Dataset records

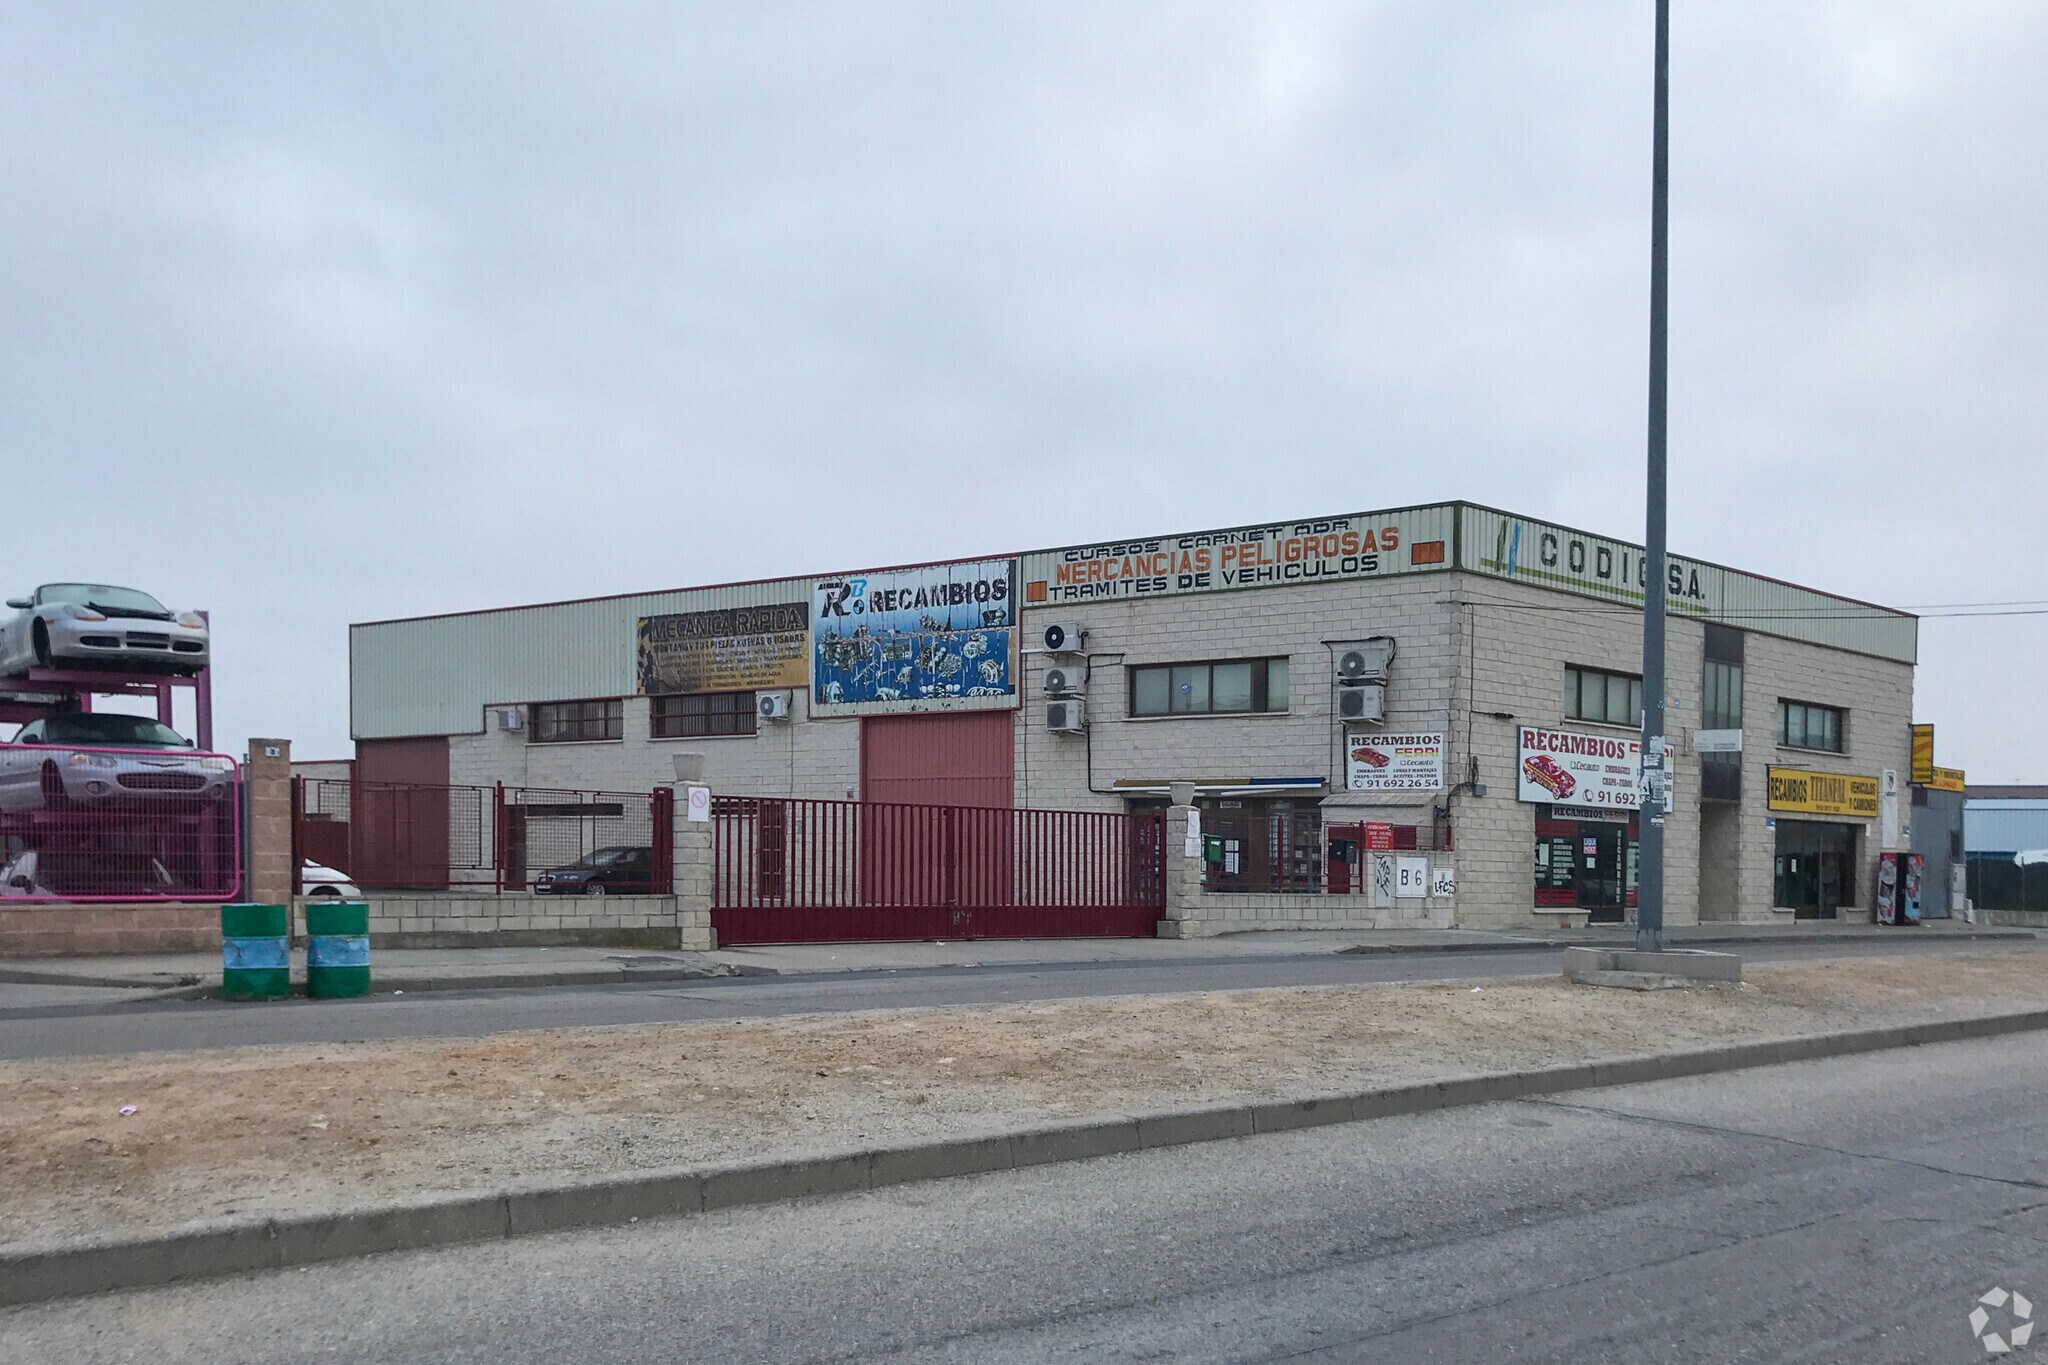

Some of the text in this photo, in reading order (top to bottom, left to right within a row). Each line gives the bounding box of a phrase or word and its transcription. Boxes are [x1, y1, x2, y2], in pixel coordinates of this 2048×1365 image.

[1064, 541, 1160, 563] CURSOS
[1178, 528, 1283, 550] CARNET
[1056, 526, 1399, 586] MERCANCIAS PELIGROSAS
[1049, 554, 1379, 601] TRAMITES DE VEHICULOS
[869, 578, 1007, 613] RECAMBIOS
[710, 637, 735, 649] PIEZAS
[774, 633, 805, 645] USADAS
[1350, 735, 1441, 747] RECAMBIOS
[1523, 730, 1625, 760] RECAMBIOS
[1395, 747, 1439, 758] FERRI
[1367, 779, 1439, 788] 91 692 26 54
[1770, 776, 1808, 804] RECAMBIOS
[1850, 781, 1876, 796] VEHICULOS
[1597, 790, 1636, 806] 91 692
[1853, 797, 1877, 812] CAMIONES
[1553, 807, 1603, 819] RECAMBIOS
[1400, 868, 1423, 886] B 6
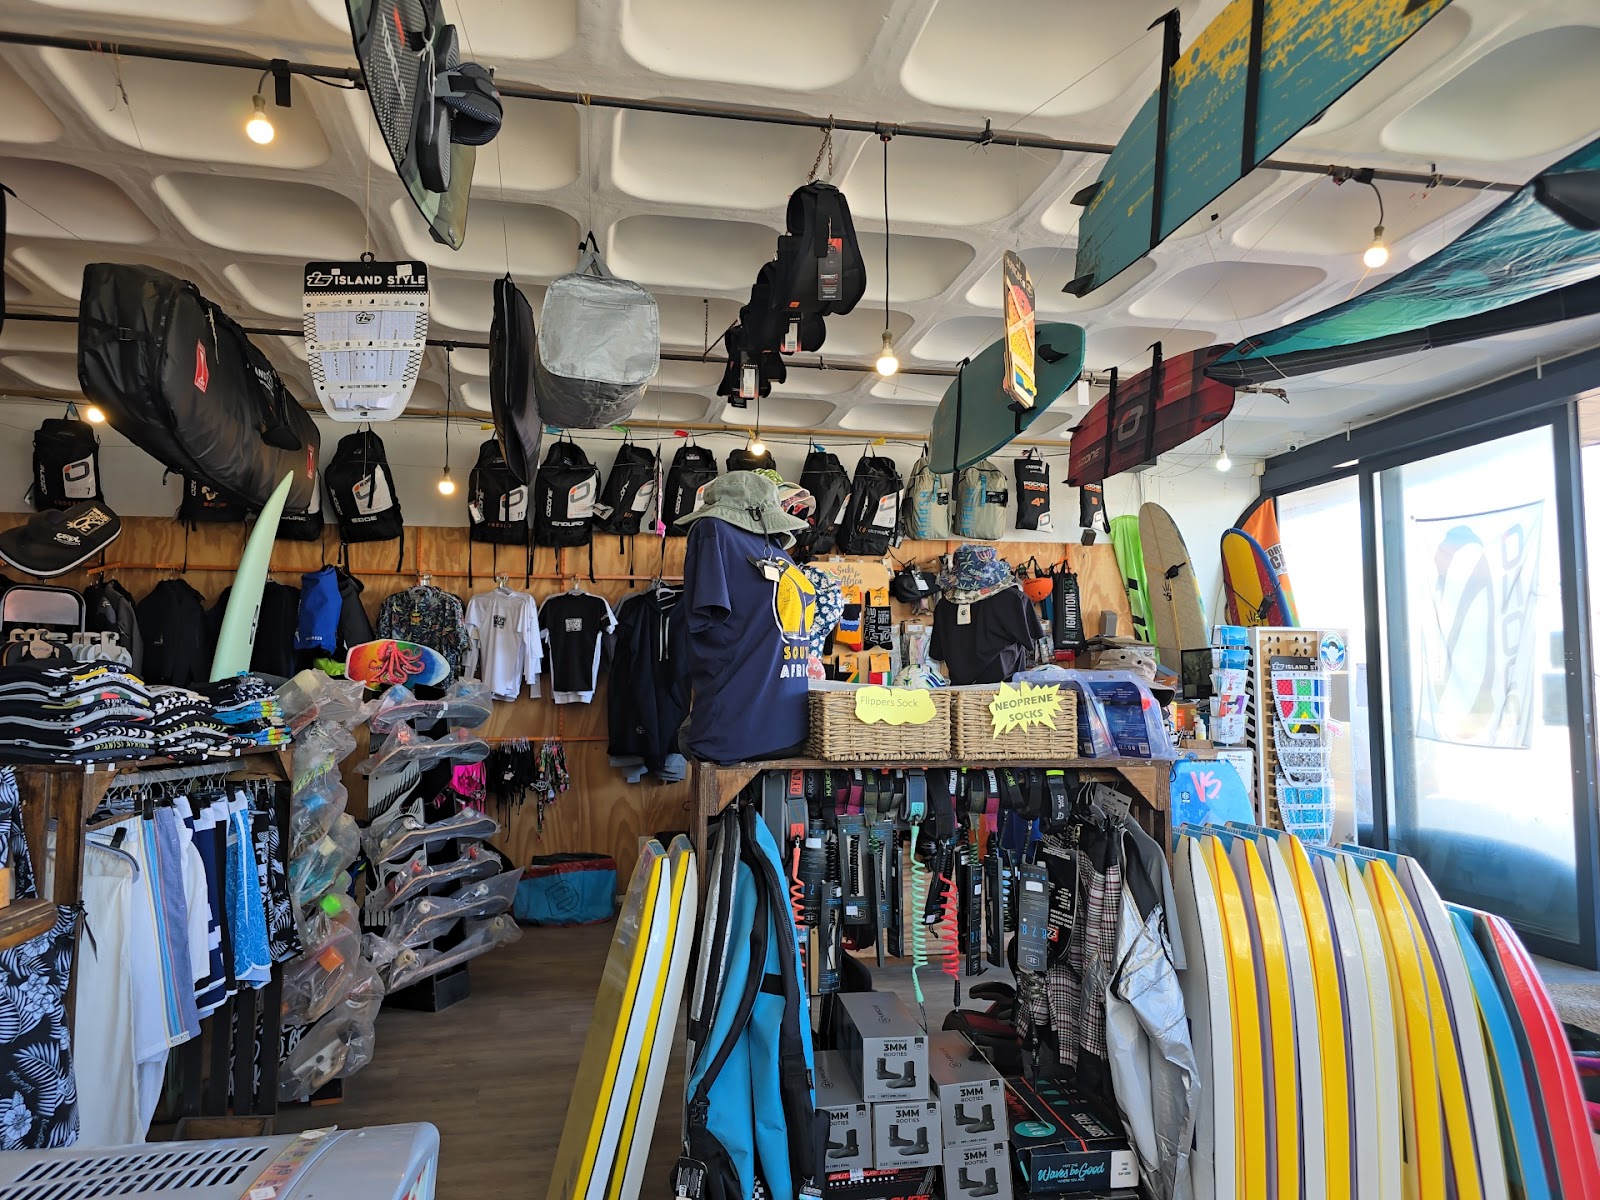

§ Task item
Return the records above in their entirety, word for word, with the pictures removed.

§ Exercise solution
Some of the text in this photo, in reading order (top to bottom, left to right within a row). Each line gives the bounding box of a phrase or word and its transcription. Boxes are [x1, y1, x2, y2], in pixel coordinates of this 2048×1365 image.

[1064, 541, 1160, 563] CURSOS
[1178, 528, 1283, 550] CARNET
[1056, 526, 1399, 586] MERCANCIAS PELIGROSAS
[1049, 554, 1379, 601] TRAMITES DE VEHICULOS
[869, 578, 1007, 613] RECAMBIOS
[710, 637, 735, 649] PIEZAS
[774, 633, 805, 645] USADAS
[1350, 735, 1441, 747] RECAMBIOS
[1523, 730, 1625, 760] RECAMBIOS
[1395, 747, 1439, 758] FERRI
[1367, 779, 1439, 788] 91 692 26 54
[1770, 776, 1808, 804] RECAMBIOS
[1850, 781, 1876, 796] VEHICULOS
[1597, 790, 1636, 806] 91 692
[1853, 797, 1877, 812] CAMIONES
[1553, 807, 1603, 819] RECAMBIOS
[1400, 868, 1423, 886] B 6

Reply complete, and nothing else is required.